Des processus complexes et dynamiques

Le développement des modèles de l'« innovation en grand » et de la « big science » ne signifie pas pour autant la disparition de logiques et de sources d'innovation plus « entrepreneuriales ». L'hypothèse la plus vraisemblable est que ces différents modèles non seulement ne s'excluent pas mutuellement, mais se complètent et, plus fondamentalement, s'inscrivent dans une nouvelle dynamique organisationnelle et stratégique de l'innovation sous forme d'arrangements plus « collectifs » ou multilatéraux d'acteurs très variés plus ou moins interdépendants, souvent complémentaires, et parfois concurrents. De fait, les logiques collaboratives tendent désormais à primer sur les modes traditionnels d’organisation, souvent cloisonnée, « individuelle », des activités de recherche, d’innovation et de valorisation.

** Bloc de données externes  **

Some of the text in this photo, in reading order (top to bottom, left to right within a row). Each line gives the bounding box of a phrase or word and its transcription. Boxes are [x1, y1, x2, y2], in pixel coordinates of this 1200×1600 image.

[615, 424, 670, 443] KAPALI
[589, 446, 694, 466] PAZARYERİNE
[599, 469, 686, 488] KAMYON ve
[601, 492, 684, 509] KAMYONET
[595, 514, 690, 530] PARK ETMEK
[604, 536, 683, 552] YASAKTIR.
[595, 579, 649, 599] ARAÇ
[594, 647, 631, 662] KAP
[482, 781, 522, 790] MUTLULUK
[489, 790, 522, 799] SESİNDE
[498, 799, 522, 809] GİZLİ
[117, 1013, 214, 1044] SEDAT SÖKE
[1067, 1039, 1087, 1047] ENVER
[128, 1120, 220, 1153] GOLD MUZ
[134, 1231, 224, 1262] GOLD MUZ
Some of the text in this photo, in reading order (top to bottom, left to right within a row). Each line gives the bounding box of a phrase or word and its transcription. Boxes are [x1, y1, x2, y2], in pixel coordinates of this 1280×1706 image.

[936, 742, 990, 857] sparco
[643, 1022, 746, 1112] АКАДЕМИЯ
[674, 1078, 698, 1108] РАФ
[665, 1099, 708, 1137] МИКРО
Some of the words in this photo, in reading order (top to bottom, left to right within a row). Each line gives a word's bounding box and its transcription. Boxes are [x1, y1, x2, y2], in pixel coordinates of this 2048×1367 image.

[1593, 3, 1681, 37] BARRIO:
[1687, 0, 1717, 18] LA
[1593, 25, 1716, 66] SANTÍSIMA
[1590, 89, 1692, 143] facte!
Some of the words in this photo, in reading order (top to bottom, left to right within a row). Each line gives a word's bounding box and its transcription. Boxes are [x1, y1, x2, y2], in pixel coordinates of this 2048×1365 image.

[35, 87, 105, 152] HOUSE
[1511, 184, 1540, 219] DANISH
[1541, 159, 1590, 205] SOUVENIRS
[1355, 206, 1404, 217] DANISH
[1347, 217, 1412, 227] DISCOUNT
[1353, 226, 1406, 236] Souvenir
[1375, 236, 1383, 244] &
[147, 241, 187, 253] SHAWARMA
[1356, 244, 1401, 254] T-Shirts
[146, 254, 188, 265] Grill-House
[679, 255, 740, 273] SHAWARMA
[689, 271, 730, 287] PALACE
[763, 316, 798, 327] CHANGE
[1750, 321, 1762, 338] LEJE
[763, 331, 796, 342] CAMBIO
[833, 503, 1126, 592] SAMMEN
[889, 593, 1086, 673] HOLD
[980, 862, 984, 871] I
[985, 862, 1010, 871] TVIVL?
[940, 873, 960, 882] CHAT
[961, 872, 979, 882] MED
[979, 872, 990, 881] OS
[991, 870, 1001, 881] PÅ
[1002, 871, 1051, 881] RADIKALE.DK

Des modèles complémentaires et imbriqués

Les modèles d'organisation de l'innovation semblent coexister assez naturellement, voire s'interpénétrer. Plusieurs arguments vont clairement dans le sens de cette hypothèse. Premièrement, les études empiriques (Cohen et Levin, 1989) échouent à démontrer de manière concluante que la propension à s'engager dans des activités de R&D ou à innover soit clairement corrélée à la (grande) taille des firmes ou au degré de concentration des marchés.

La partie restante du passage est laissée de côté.